SOURCE MATERIAL section start
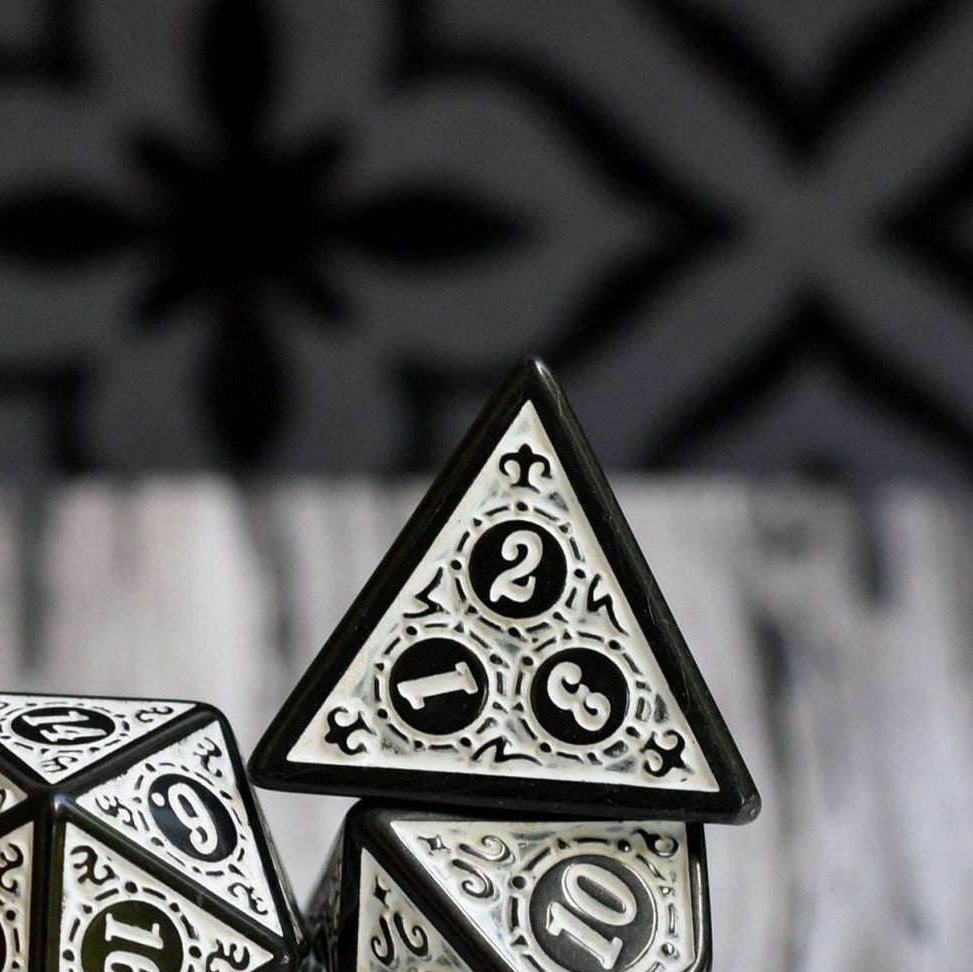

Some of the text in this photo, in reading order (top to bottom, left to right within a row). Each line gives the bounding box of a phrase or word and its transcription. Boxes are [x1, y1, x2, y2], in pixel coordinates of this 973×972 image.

[489, 529, 543, 603] 2
[397, 661, 479, 711] 1
[547, 661, 612, 733] 3
[21, 710, 107, 742] 14
[546, 862, 637, 971] 10
SOURCE MATERIAL section end
PROMPT: What is needed is a word-for-word copy of the data, minus its pictures.

ANSWER SPACE:
Some of the text in this photo, in reading order (top to bottom, left to right within a row). Each line gives the bounding box of a phrase or word and its transcription. Boxes are [x1, y1, x2, y2], in pixel coordinates of this 973×972 image.

[489, 529, 543, 603] 2
[397, 661, 479, 711] 1
[547, 661, 612, 733] 3
[21, 710, 107, 742] 14
[546, 862, 637, 971] 10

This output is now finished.